You look tired, Satoru. You're never tired.
There’s an unspoken thing residing here between both your energies and it becomes unbearably evident.
“It’s nothing,” he murmurs, slipping the baby blue haori off his shoulders, draping it over the edge of the bed. “Just the cold getting to me 's all.”
Loose and darkened strands of hair lay on the silk sheets where Suguru sat moments ago. Satoru holds his breath.
My lover’s hair is splitting at the ends, tearing apart at the seams just like me.
I pray you don’t notice.
“Is he okay?”
You set the ceramic cup down on the table, turning your head to glance over at Satoru, who despite himself, wears his emotions like a cardigan knit tight between his brows.
“Why won’t you just ask him, ‘toru?”
He thinks he hates you. He hates not being more like you.
With the way you say these things so easily.
Maybe it’s the deep rooted thrum of Suguru’s cursed energy in his veins, or the bitter taste on his tongue when he wakes in the middle of the night just to see if he’s still here—
Maybe it’s that voice in the back of his head, the instinct pounding on the walls of his heart, telling him this is only for a while, it won’t last.
“You can’t lie to me.” Satoru reasons, bending his knees and folding his body next to yours, wrapping and unwrapping the length of cloth around his fingers over and over again. “But he can.”
Or maybe it’s the way he knows even if Suguru lied to him again, said it was okay, said that he’d stay, said that he’d let you and Satoru be selfish for once and keep him here, keep him tethered to this existence he loathes so much—
“Satoru…”
—he’d believe him.
“You feel it too, don’t you?” He sighs, near breathless.
You lift your hands to cup either side of his face, hooking your thumbs under the pale cloth, unraveling and unraveling and unraveling.
How many more layers?
How many more walls?
How many—
“His energy is restless.” Satoru could find other words to describe it, the aura, the shape of Suguru’s soul, his scent, his being, his whole existence. Something only you could understand.

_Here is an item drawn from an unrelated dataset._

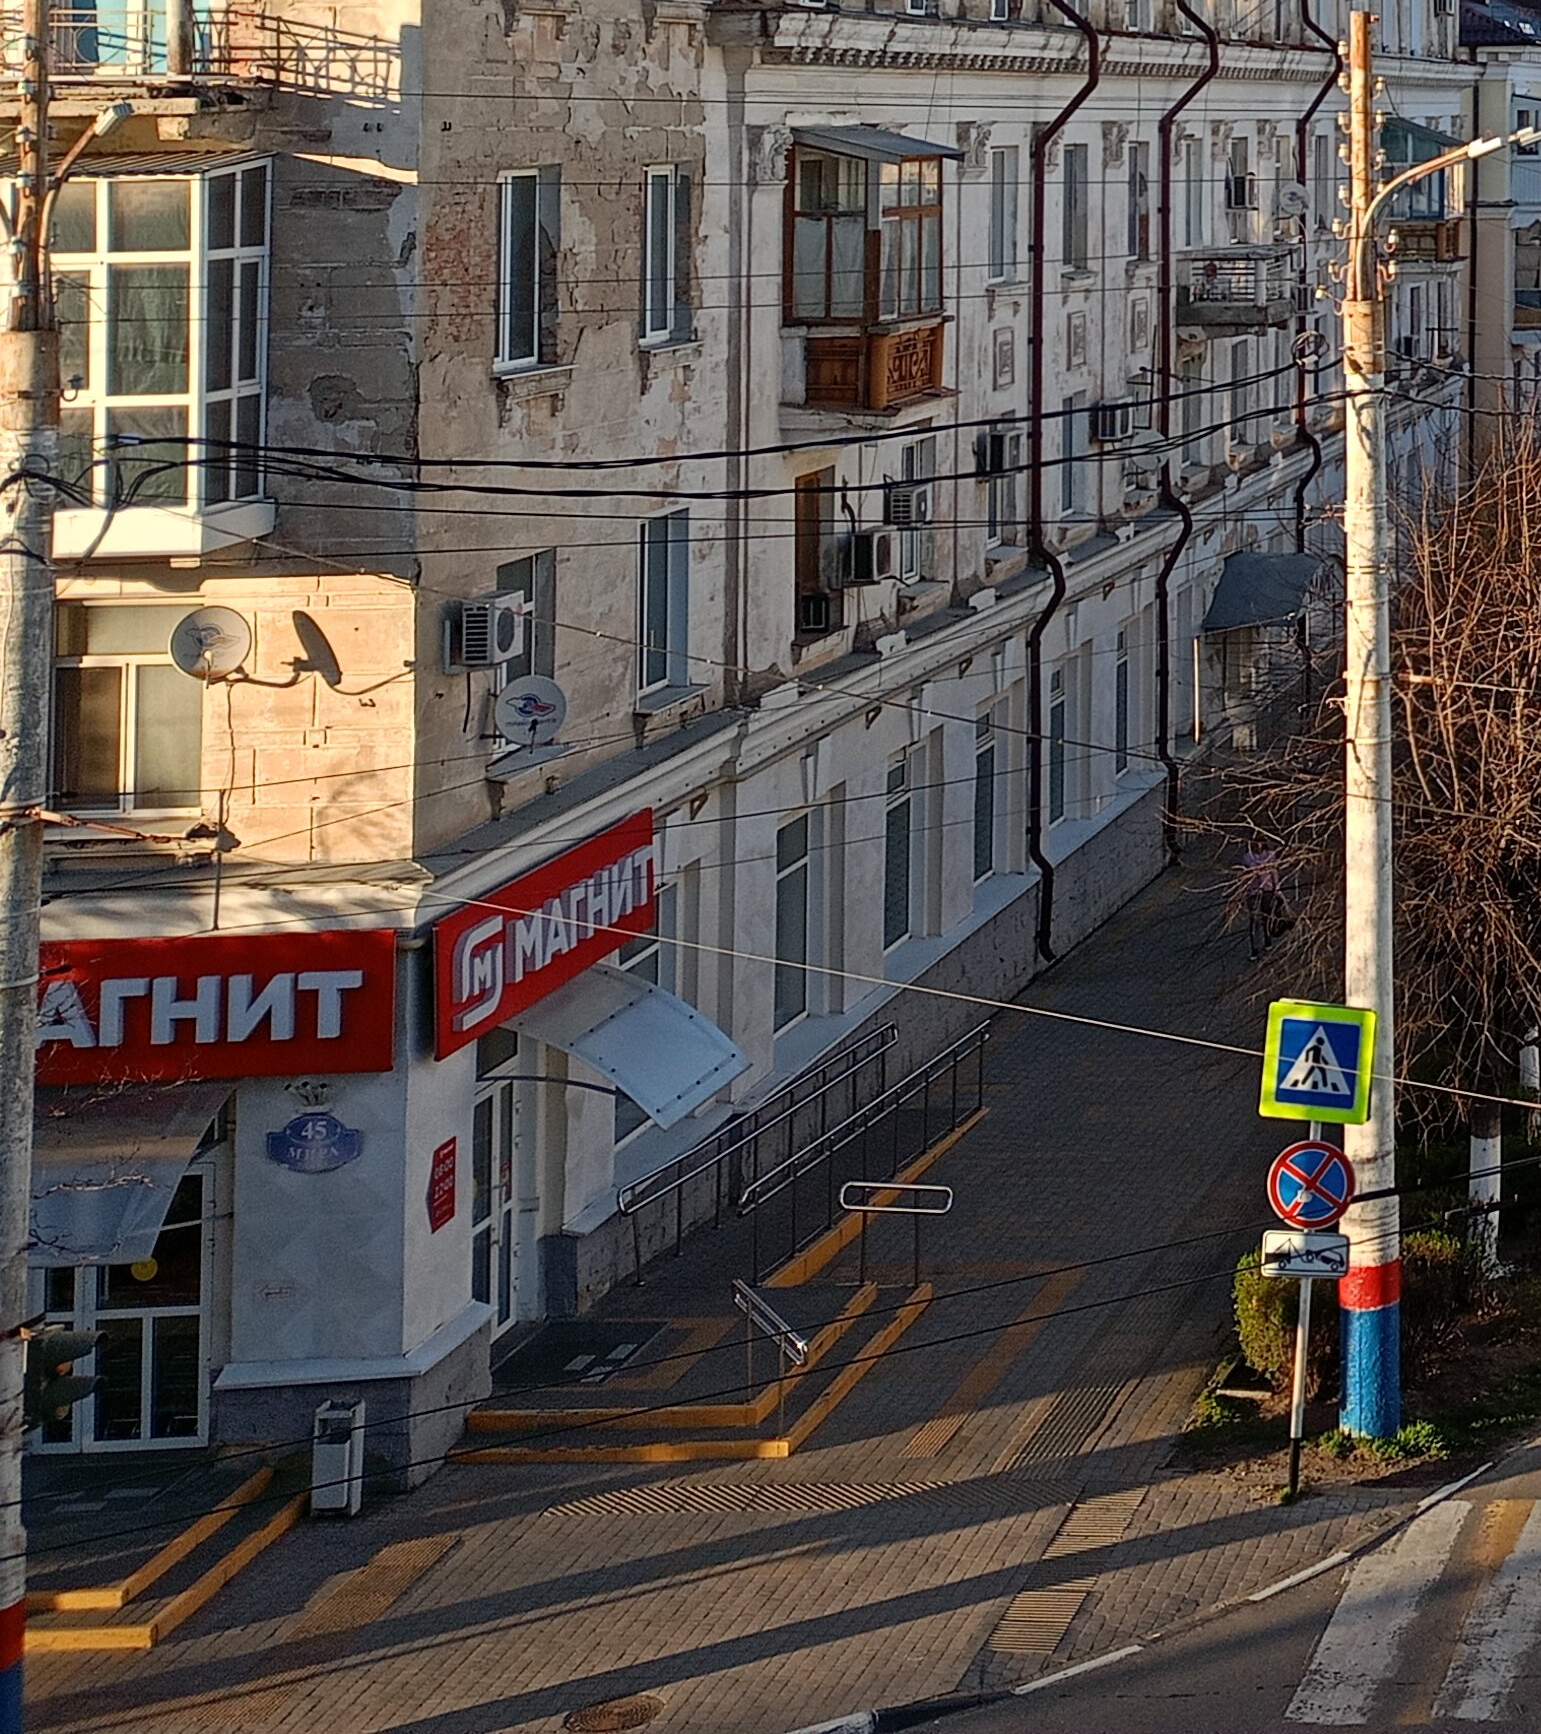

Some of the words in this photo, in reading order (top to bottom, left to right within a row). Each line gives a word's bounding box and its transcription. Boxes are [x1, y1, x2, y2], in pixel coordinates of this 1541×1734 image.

“It’s pouring into me, and I can’t— I pretend I don’t feel it, that I don’t know that he’s…”
Different.
Suguru is different now, he wants to say.
Suguru’s unhappy with me, unhappy with us.

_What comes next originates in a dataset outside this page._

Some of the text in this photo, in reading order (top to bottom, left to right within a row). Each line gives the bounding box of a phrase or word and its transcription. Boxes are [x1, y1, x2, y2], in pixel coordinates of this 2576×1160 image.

I can’t give him what he needs.
I was too selfish to have asked him to stay. You were too selfish in saving him.
We were too selfish. Do you think he hates me for it? Do you think he wishes he were—
“He loves you.” You tug on the cloth, let it fall and pool in endless strands around his neck. “Isn’t that reason enough?”
Satoru’s eyes are dim, bleaky sapphire and cerulean staring back at you.
Don’t look at them, look at me, look inside me, my eyes are lying, that’s not how I feel—
“He loves you too,” he says it like a confession, a secret. Love can’t be enough, can it?
Love never stopped Suguru from leaving the first two times.
Love never stopped Satoru from waking up so many nights with tears running down his neck, from where you cried for Suguru in your dreams.
Love never stopped Satoru from not being strong enough to bend the world and stretch it to fit Suguru inside.
Why should you love him whom hates the world so?
Satoru lets his head fall into the crook of your neck, body slumped over yours and breath shaky.
Loving Suguru came as easy as breathing if not easier.
He’d spend nights curled in his bed at the dorms, clicking through photos he’d taken of you three, back then, when it wasn’t anything yet but still everything to him.
“Yaga-sensei, please pair me with someone else!”
“Hah!? We not good enough for you anymore, name?”
“Satoru, name, don’t yell so early in the morning…”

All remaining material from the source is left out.